米モデルナ製ワクチンに異物混入 全国8カ所から報告 163万回分使用見合わせ

 厚生労働省は26日、米モデルナ製の新型コロナウイルスワクチンについて、5都県8カ所の接種会場で計39本の未使用状態の瓶から異物の混入が見つかったと発表した。厚労省は混入の危険性が否定できないとして、同時期にスペインにある工場の同じ製造ラインで作られた3ロット計約163万回分の使用を見合わせるよう要請した。各地では職場接種を中断する動きが出るなど影響が広がった。異物は「黒い小さな物質」といった情報が複数ある。

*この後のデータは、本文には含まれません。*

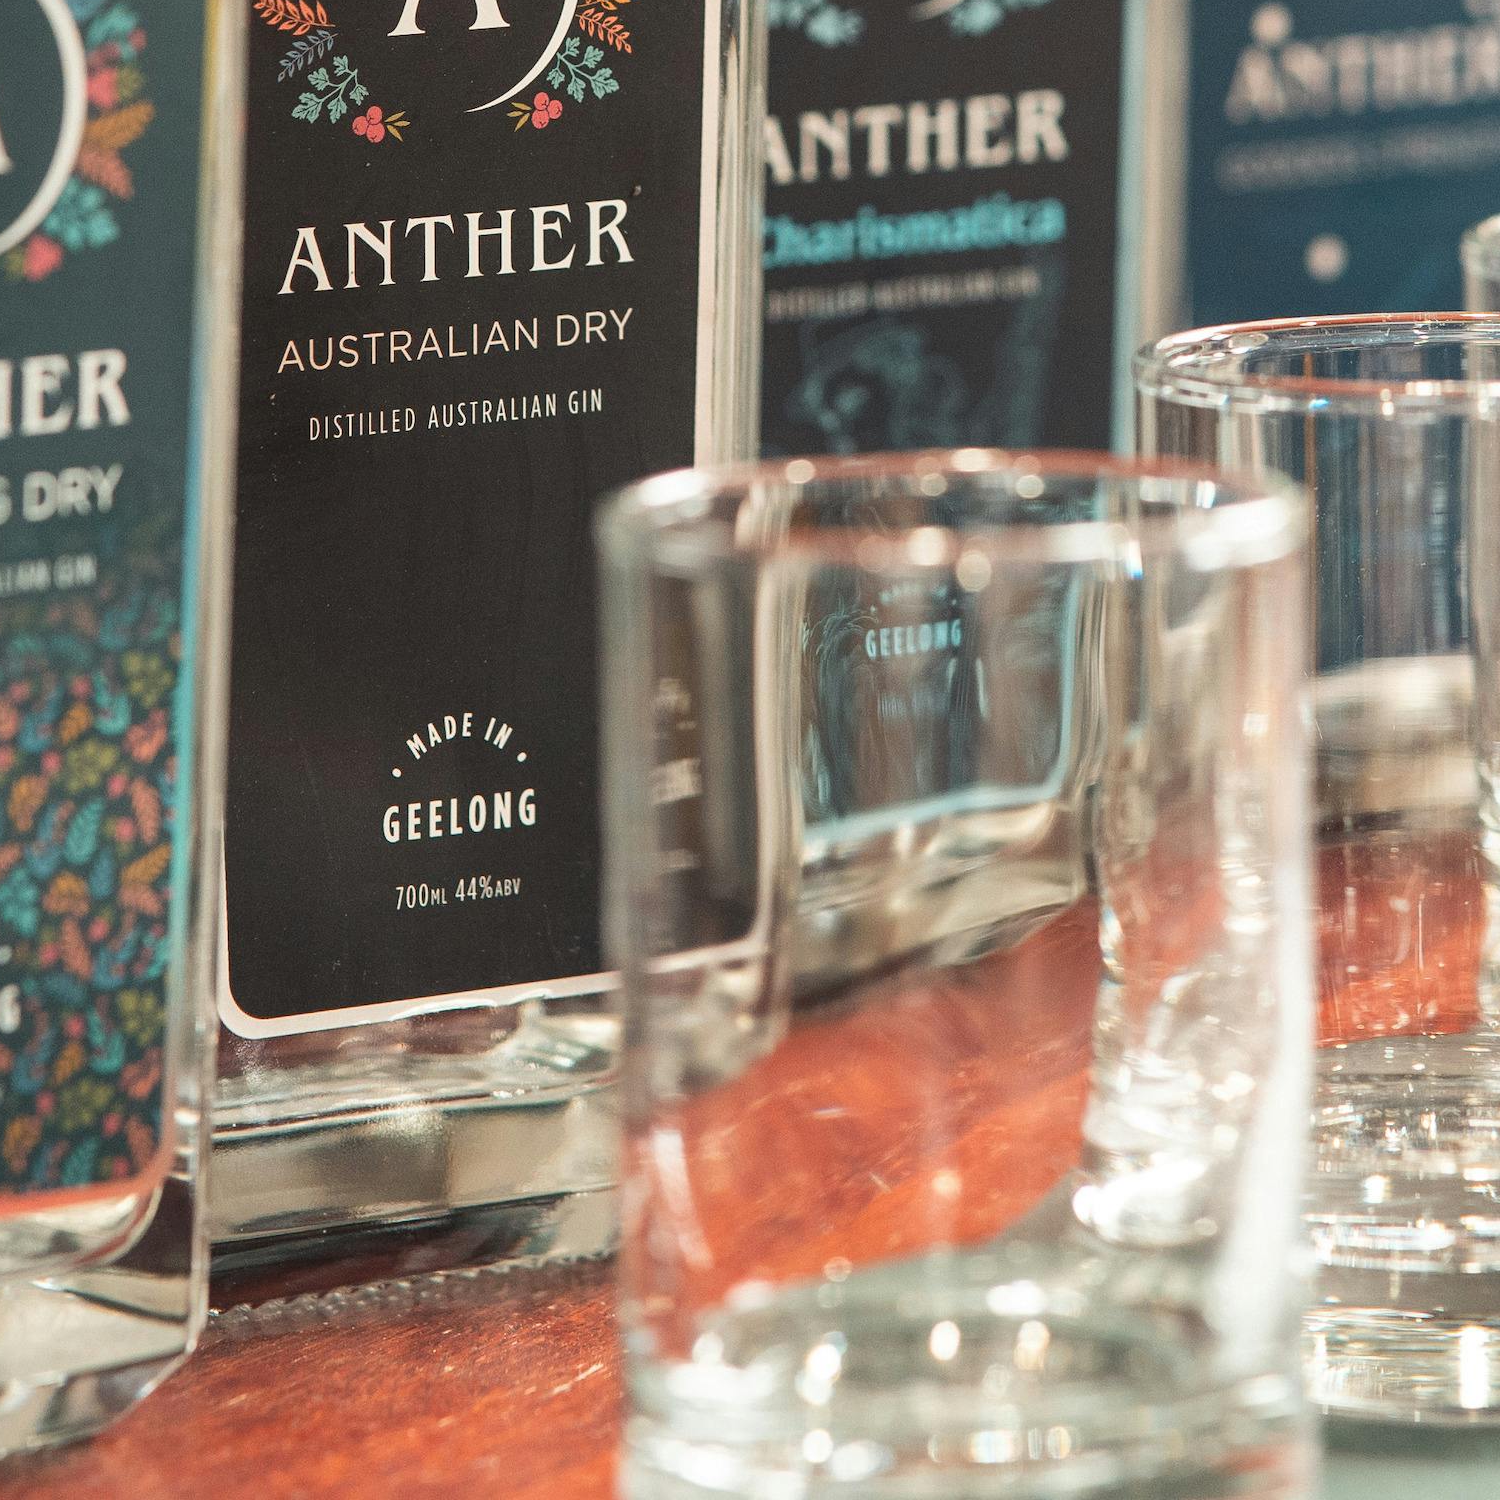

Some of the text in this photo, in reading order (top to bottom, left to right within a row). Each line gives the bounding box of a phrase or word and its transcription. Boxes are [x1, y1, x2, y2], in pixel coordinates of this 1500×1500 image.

[277, 198, 636, 295] ANTHER
[277, 307, 634, 374] AUSTRALIAN DRY
[309, 387, 603, 441] DISTILLED AUSTRALIAN GIN
[22, 461, 124, 523] DRY
[865, 617, 963, 660] GEELONG
[406, 712, 513, 760] MADE IN
[382, 787, 537, 844] GEELONG
[395, 874, 522, 911] 700ML 44%ABV

 政府がコロナ対策の命綱としているワクチンにトラブルが発生した。

 異物混入は茨城、埼玉、東京、岐阜、愛知の5都県8カ所の接種会場で、計39本の未使用状態の瓶で判明した。瓶4本から見つかった衆議院の事務局は「目視で確認したところ、1ミリ未満の黒い物が入っていた」と説明。茨城県の会場では薬剤師が注射前に黒や茶色の粒の混入に、埼玉県の会場では黒い沈殿物に気付いた。厚労省幹部は異物が金属片の可能性もあるとした。

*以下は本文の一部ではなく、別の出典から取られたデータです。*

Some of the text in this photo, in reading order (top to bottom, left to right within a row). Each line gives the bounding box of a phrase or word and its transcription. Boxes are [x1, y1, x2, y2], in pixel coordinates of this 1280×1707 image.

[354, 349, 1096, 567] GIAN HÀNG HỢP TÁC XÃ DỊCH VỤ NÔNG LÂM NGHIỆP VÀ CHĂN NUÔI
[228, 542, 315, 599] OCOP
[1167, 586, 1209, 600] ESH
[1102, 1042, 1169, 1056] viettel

 39本のワクチンは、スペインにある工場で作られた同じロットの製品。厚労省は、混入の危険性が否定できないとして、同時期に同じ製造ラインで作られた計3ロット、約163万回分の使用を見合わせるよう要請した。

 大阪府5万回、兵庫県4万1500回、愛知県2万8020回、広島県1万3330回など、すでに、全国で少なくとも18万回接種されている。健康被害の報告はない。厚労省は、納入先は国内863カ所の接種会場と説明したが、自治体名などについて「整理中」として明らかにしていない。

 菅義偉首相は、都内の視察先で「大きな影響を与えるものではないとの報告を受けている」と語った。厚労省は「安全性のリスクは大きくない」としているものの、個人が対象のワクチンを接種したかどうかを接種済証などで確認できるようロット番号も公表。健康状態が悪化した場合には医師などに相談するよう呼び掛けている。

 厚労省は使用見合わせとしたワクチンの配布先への連絡や、代替品の配分に向けた調整などに追われた。文化庁は、文化芸術関係者を対象にした職場接種を中止。全日本空輸は、羽田空港での接種を26日と27日は見合わせると明らかにした。

 厚労省は、不足分は国内の在庫で対応する考え。国内の販売や流通を担う武田薬品工業は代替品供給に関し「接種への影響を最小限にするよう努める」と表明した。